Correspondence

COVID-19 vaccinations and care homes: programme launch

Published 4 December 2020

Applies to England

To: care homes [for older adults], local authority chief executives and directors of adult social services

Dear care colleague

COVID-19 vaccinations and care homes: programme launch

You will have seen the excellent news that a vaccine has been authorised and care home residents, and care home staff are the top priority to get it. This will save lives.

This letter outlines our plans for getting the first vaccine (Pfizer-BioNTech) to care home staff from the first day that vaccinations are available. It sets out the actions that local authorities and care providers should take in the coming days.

The Joint Committee on Vaccination and Immunisations (JCVI) confirmed on Wednesday, in its advice on priority groups for vaccination[footnote 1], that adult social care is in its top priority groups. Group 1 is ‘Residents in a care home for older adults and their carers’ and Group 2 includes ‘Frontline health and social care workers’.

Getting the Pfizer-BioNTech vaccine to care home residents is challenging because of the requirements for transporting it and the temperature at which it is stored. So our focus, initially, is on vaccinating care home workers and the over 80s.

Vaccines will be available from Tuesday 8 December 2020, initially in up to 50 Hospital Hubs across England. We are working hard to bring a vaccine to those who need it, and over the coming weeks, more Hospital Hubs and other vaccination locations will be operational.

Local authorities

Local authorities will play a vital role, working together with the NHS and local care providers, to make sure we make the best possible use of initial supplies of the vaccine.

We will be assisting our NHS colleagues by providing them with information on care homes. Recognising that there are many small care homes, we are asking local authorities to work with NHS colleagues and local care homes to ensure that we fill up the available vaccination slots, including by assisting providers, where needed, with their transport plans. I know that through local resilience forums and integrated care systems/STPs, many of you have been planning for this roll-out and that some local authorities will already be linked to the planned Hospital Hubs and Vaccine Centres within their local areas.

The NHS has identified Senior Responsible Officers (SROs) to link local authorities and the social care system. Please notify the Department[footnote 2] of a lead contact within your local authority (or the relevant LRF, as most appropriate) who will be able to liaise directly with NHS colleagues in the Hospital Hubs and other vaccination sites.

Care homes

The people you care for and your staff are the priority for the vaccine, and we want to work with you to get it to them as rapidly as possible to save lives.
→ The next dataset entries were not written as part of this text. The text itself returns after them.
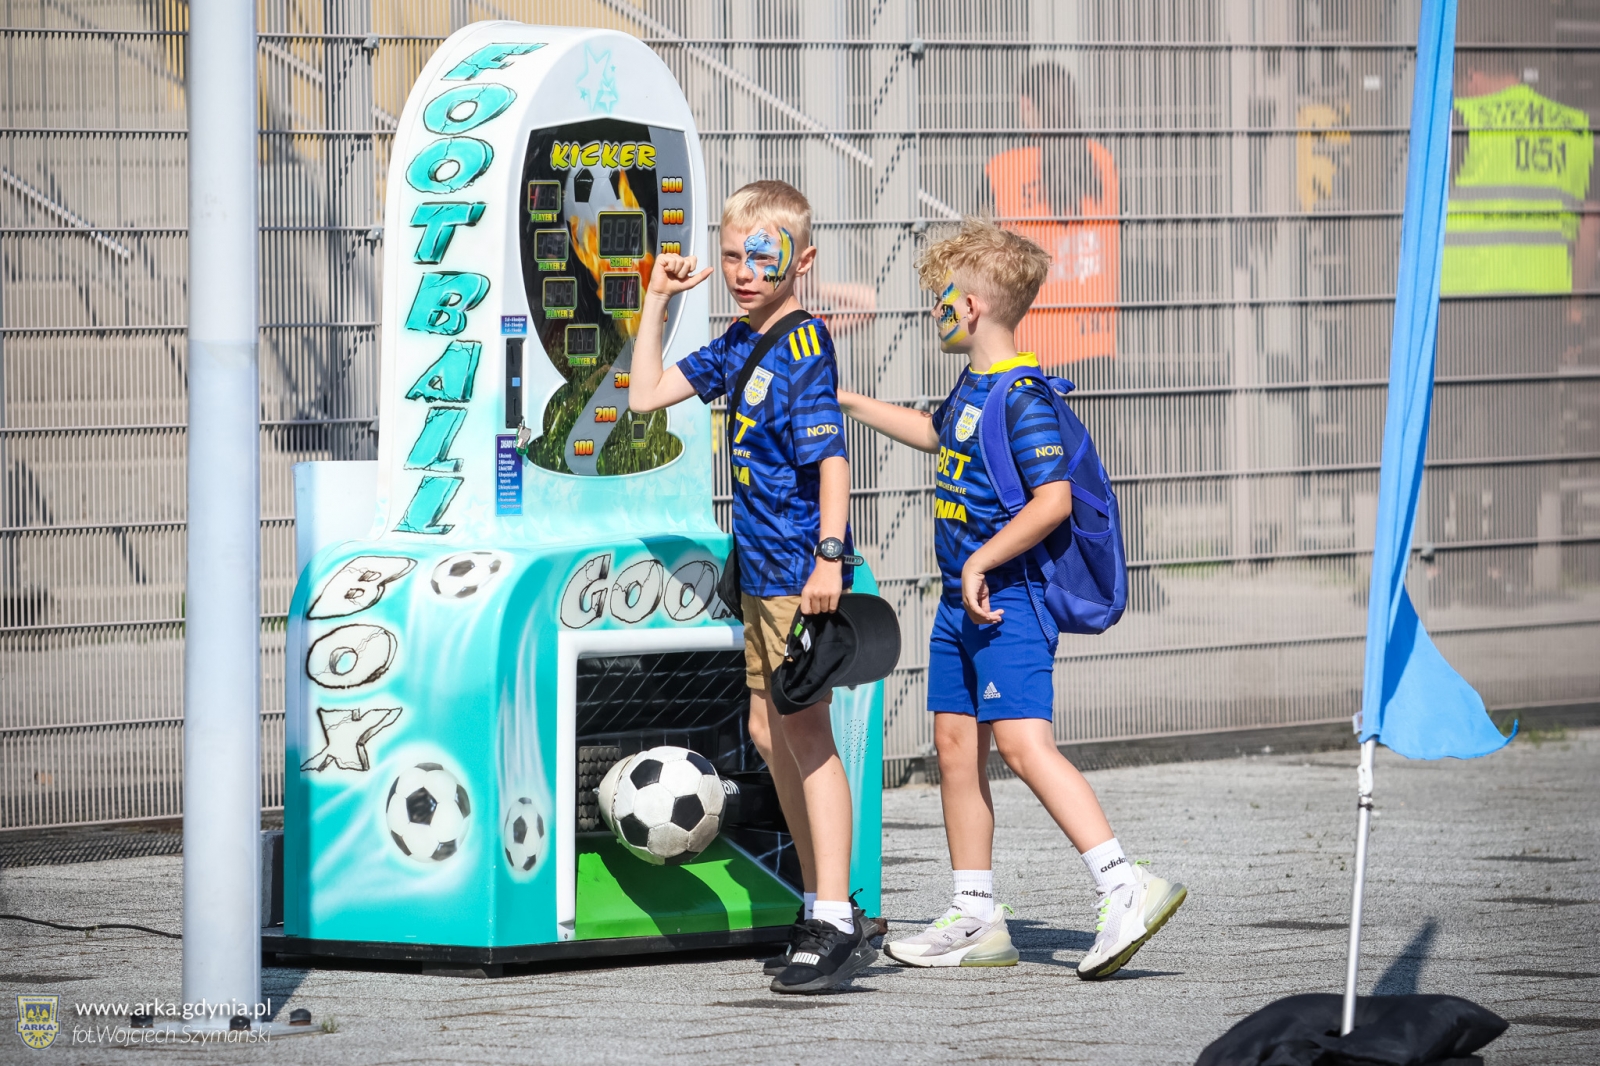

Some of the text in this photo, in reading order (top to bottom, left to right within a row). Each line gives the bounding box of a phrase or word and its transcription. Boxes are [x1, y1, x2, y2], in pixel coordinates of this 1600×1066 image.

[551, 141, 657, 169] KICKER
[661, 176, 683, 193] 900
[531, 213, 552, 222] PLAYER
[662, 208, 684, 225] 800
[538, 261, 560, 271] PLAYER
[610, 257, 633, 267] SCORE
[391, 42, 549, 535] FOOTBALL
[546, 309, 568, 318] PLAYER
[612, 310, 634, 318] RECORD
[569, 357, 591, 366] PLAYER
[594, 406, 617, 423] 200
[806, 424, 839, 438] NO10
[573, 439, 594, 456] 100
[937, 445, 972, 481] BET
[300, 555, 418, 772] BOX
[961, 889, 993, 899] adidas
The steps here are for two purposes. Firstly, so that your staff can be part of the early wave to be vaccinated in Hospital Hubs, but secondly so that when we can get a vaccine to homes, you’ll be ready for it.
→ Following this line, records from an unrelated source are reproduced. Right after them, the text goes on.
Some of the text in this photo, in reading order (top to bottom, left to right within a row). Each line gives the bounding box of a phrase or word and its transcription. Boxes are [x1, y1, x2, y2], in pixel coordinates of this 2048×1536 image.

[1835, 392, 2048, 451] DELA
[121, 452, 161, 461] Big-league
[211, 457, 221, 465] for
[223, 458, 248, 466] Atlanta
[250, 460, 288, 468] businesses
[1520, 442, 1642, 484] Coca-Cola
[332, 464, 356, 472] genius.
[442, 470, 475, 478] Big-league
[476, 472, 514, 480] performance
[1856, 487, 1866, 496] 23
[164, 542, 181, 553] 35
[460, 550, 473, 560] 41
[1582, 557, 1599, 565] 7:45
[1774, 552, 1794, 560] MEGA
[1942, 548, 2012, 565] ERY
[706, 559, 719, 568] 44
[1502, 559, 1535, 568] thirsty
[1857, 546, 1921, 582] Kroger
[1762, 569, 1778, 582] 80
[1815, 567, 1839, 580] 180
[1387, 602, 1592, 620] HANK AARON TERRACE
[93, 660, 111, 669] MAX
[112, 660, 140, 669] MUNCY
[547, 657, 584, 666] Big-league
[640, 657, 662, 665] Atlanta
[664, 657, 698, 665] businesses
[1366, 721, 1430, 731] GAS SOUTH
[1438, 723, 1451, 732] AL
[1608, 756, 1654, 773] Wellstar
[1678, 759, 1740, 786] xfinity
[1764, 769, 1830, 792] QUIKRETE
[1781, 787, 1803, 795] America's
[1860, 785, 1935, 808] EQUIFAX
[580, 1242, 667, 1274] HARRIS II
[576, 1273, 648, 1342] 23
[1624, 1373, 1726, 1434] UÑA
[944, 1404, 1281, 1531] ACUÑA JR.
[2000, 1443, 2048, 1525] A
In preparation care home managers should:

  • put together staff lists, including basic details (name, gender, date of birth, NHS number, GP details) for each staff member
  • be ready to provide each staff member with a letter confirming their employment in the care sector
  • keep staff records of vaccinations and report via the Capacity Tracker (as you do with flu vaccination)
  • consider the covid-secure logistics of releasing staff to receive their vaccine, while maintaining staffing levels within their home. Practical and implementable plans should be in place from early next week
  • take steps now to ensure that staff understand need for obtaining consent, so that they in turn can help residents and families to complete the necessary forms when a vaccine is ready to be delivered within a care home. Once issued, these forms will provide additional information about the vaccine they are receiving

We are working on a standardised consent form, as you will need to gain consent to vaccinate as and when we get it to care homes. When we release this form and guidance, please use it to gain consent. You may want to start talking to residents and their families now about the vaccination.
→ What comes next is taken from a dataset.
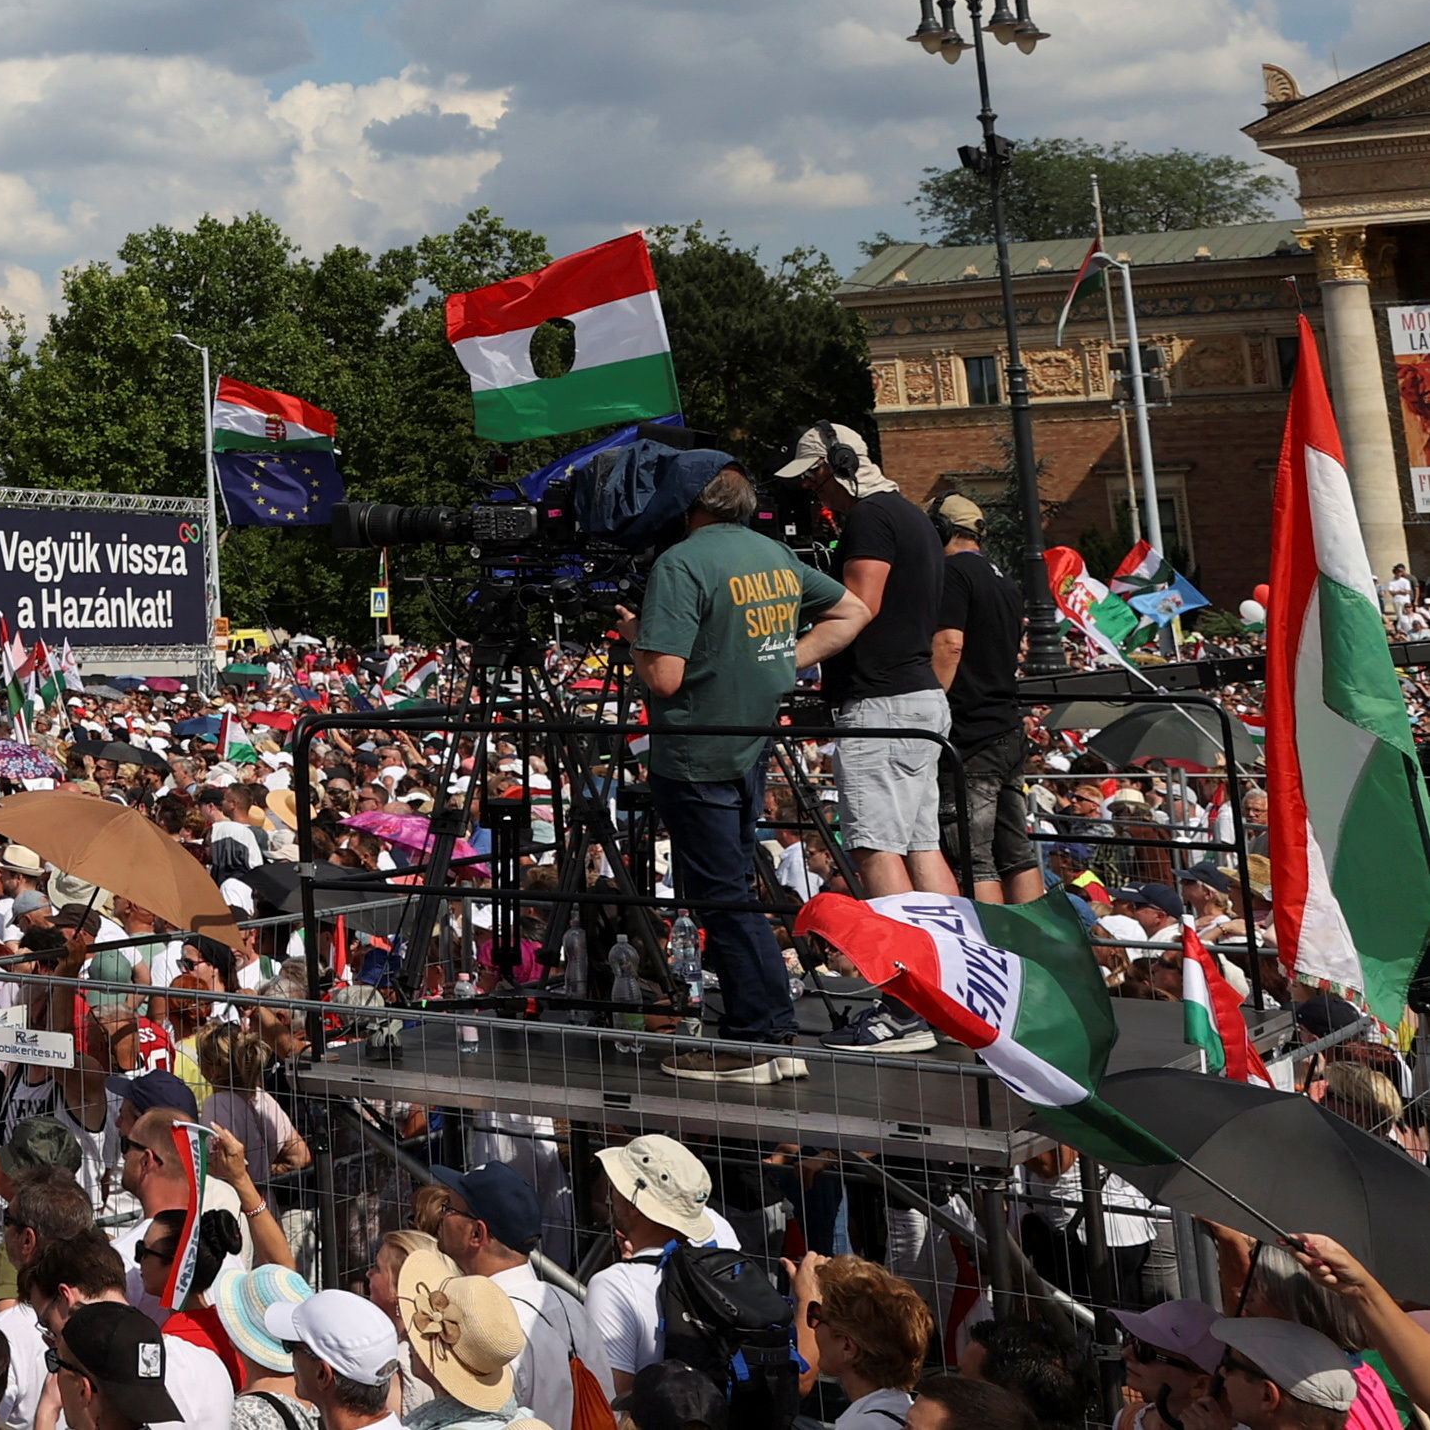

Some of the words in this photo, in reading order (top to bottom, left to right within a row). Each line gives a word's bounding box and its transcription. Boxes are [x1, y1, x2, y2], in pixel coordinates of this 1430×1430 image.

[1401, 312, 1430, 331] MO
[105, 533, 188, 576] vissza
[17, 596, 36, 629] a
[41, 587, 173, 629] Hazánkat!
These arrangements are to cover the initial period in which vaccines are available, and will be developed and modified, when the National Booking System for vaccination becomes available. Initially, local booking systems will be in place with Hospital Hubs.

Looking beyond week one

We are working with the NHS on how we may be able to vaccinate care home residents with the Pfizer-bioNTech vaccine at their care home but, given the practical challenges, we cannot set out the details for this yet.
We are keeping the operational plans under constant review and, if further vaccines are licensed by the Medicines and Healthcare products Regulatory Agency (MHRA), we will examine the use of these for care home residents.

For queries, Stuart Miller, our Director of Delivery for Adult Social Care, can be contacted via covidvaccineASC@dhsc.gov.uk.

We recognise the scale and the complexity to deliver this vaccination programme is one the greatest challenges we have ever faced. I want to thank you in advance for the crucial part you will play in the vaccination programme, while at the same time continuing all the work you do caring for people and supporting those who care for them.